After my silent rant last night, I actually started writing a new story, so something good came out of it. I also find myself wanting to do more work today. I am still having some issues connecting to the words that want to come out of me, and I think that might be my real issue.
I think a lot of these feelings come from not completely coping with the lost of David Bowie.
I am still so raw. His music has played in the back of my head since I heard the news, and I cannot listen to his songs without crying. I feel like I have something inside me that needs to get out, but the connection is weak. Not because a lack of skills, but a fear of letting myself go there. I thought I went there when I wrote The Loss of Lady Stardust, but that was me dealing with a character's feeling, and not really my own.
What if this is my American Pie moment? Not in the sense of the movie, but the song. Sunday night was when the music died... I have found it hard to listen to music since, but that seems very melodramatic, even for me, but Bowie is only second to Paul Stanley when it comes to the heart of my musical soul.
I've felt like this before. When Rozz Williams died, and again with Pete Steele, but those are losses that I still haven't dealt with either.
Maybe it is Bowie's connection with Jim Henson via Labyrinth that is making this so hard. I haven't been swept away into flights of pure fantasy as flowed from Henson so perfectly. Maybe I feel like I will never experience anything like the art of Henson and Bowie again?
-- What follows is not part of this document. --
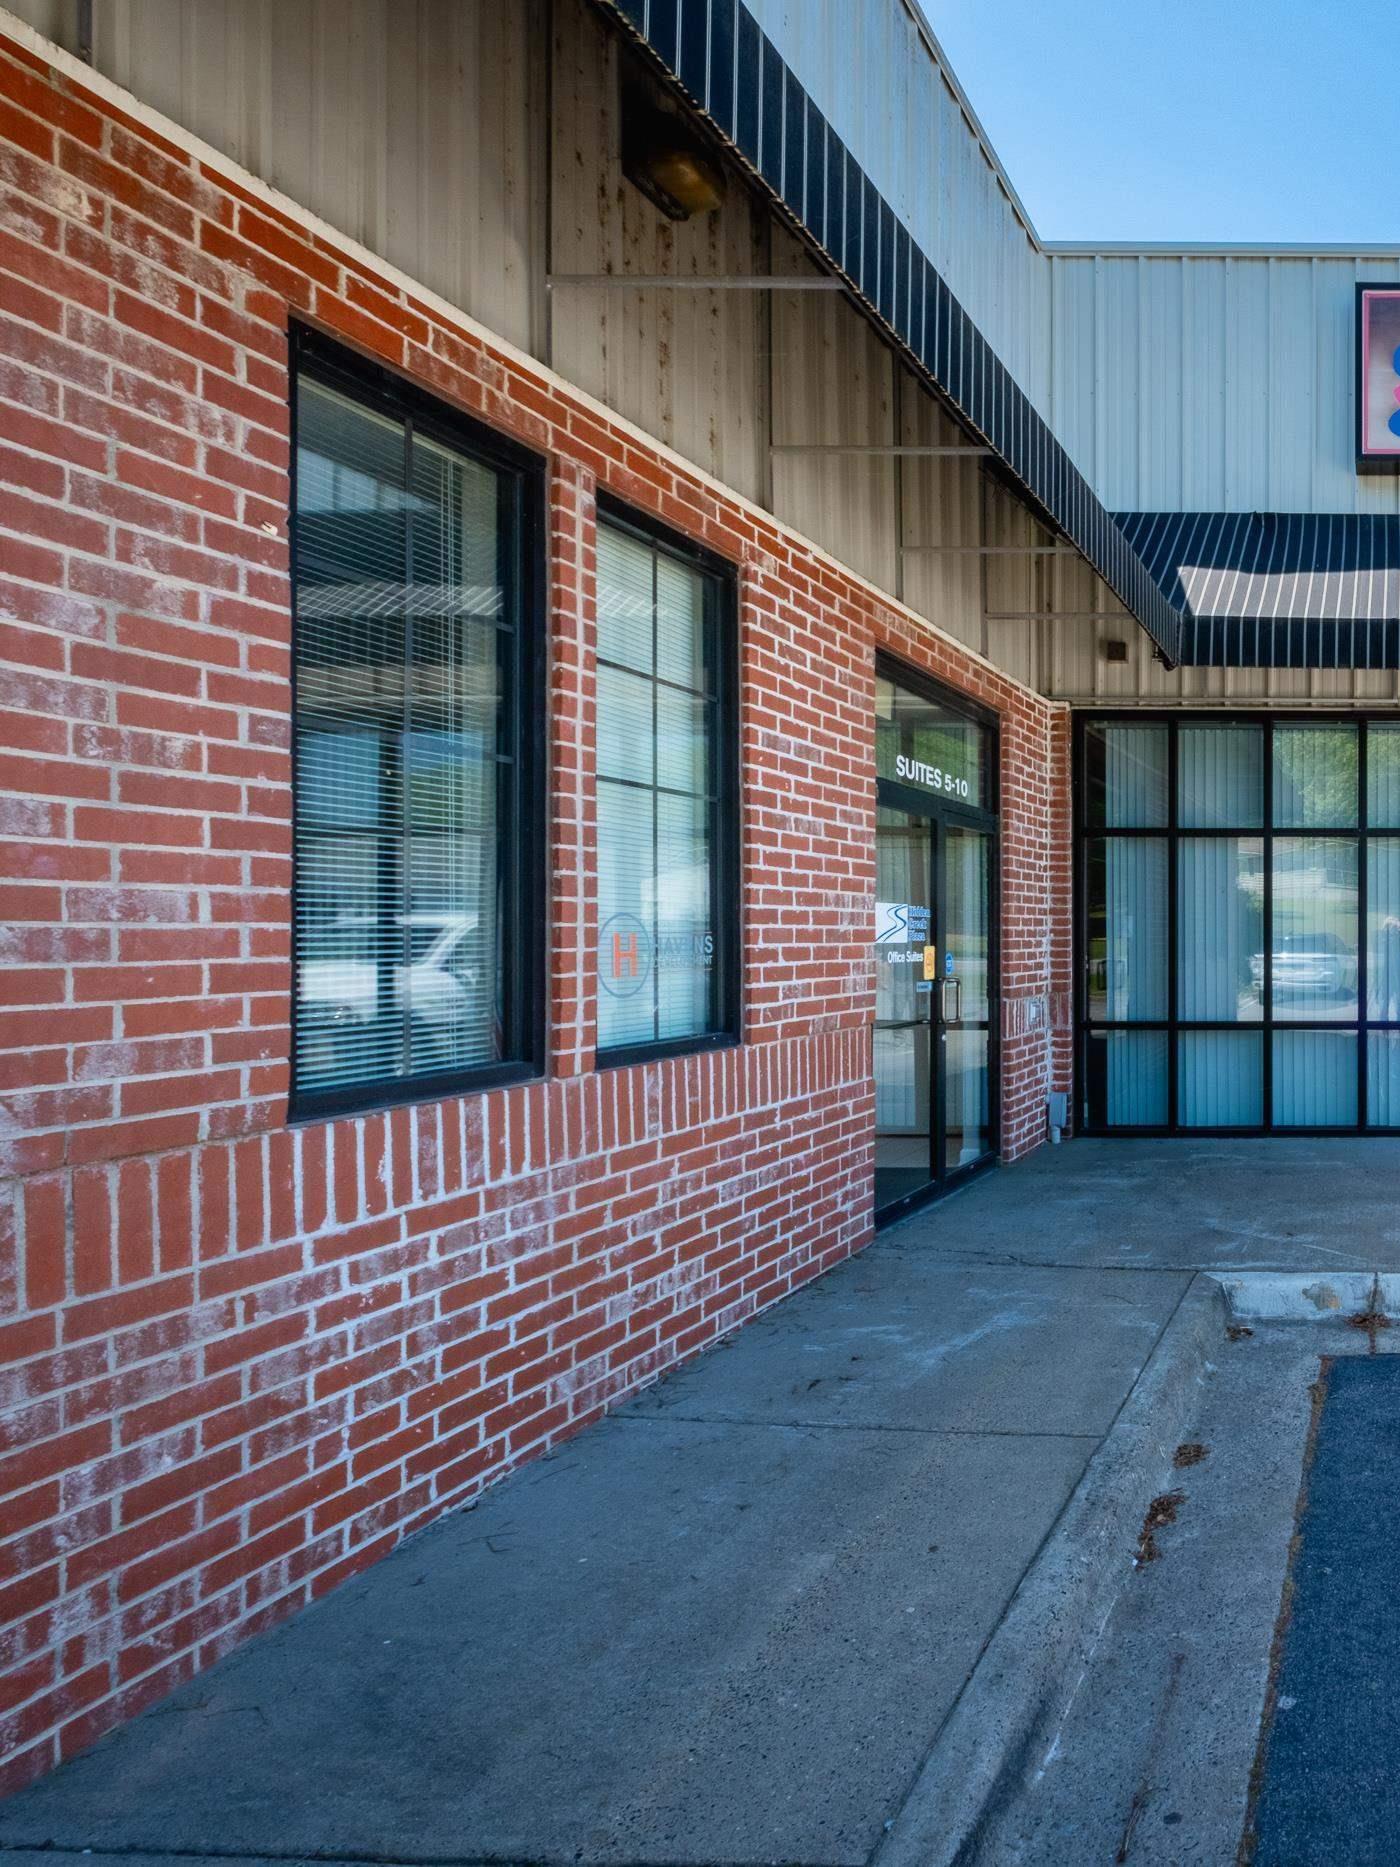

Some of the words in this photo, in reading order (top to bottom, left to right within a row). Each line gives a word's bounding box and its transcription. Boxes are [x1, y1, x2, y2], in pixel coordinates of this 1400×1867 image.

Why can't I take myself there?
It would be the height of arrogance to claim that I am next Jim Henson, because there will never be another. But in a world where I have lost Henson, Bowie, Steele, and Williams, Anne McCaffrey is gone, and with her the Dragons of Pern. George Lucas isn't giving me any more dreams to watch... Maybe I need to take what I love and miss and entertain myself.
Maybe the true source of the pain I feel over the loss of these people I have never really known is my fear of the responcibility over the dreams and visions that entertain me. Maybe I am forced now to accept the fact that I have to make my own myths.
What if I am not sad, what if I am afraid of the responcibility to forge my own vision, and not bask in the shared dreams of others.
I am going to have to think about this even more. Let me know what you think. Have I diagnosed the real problem?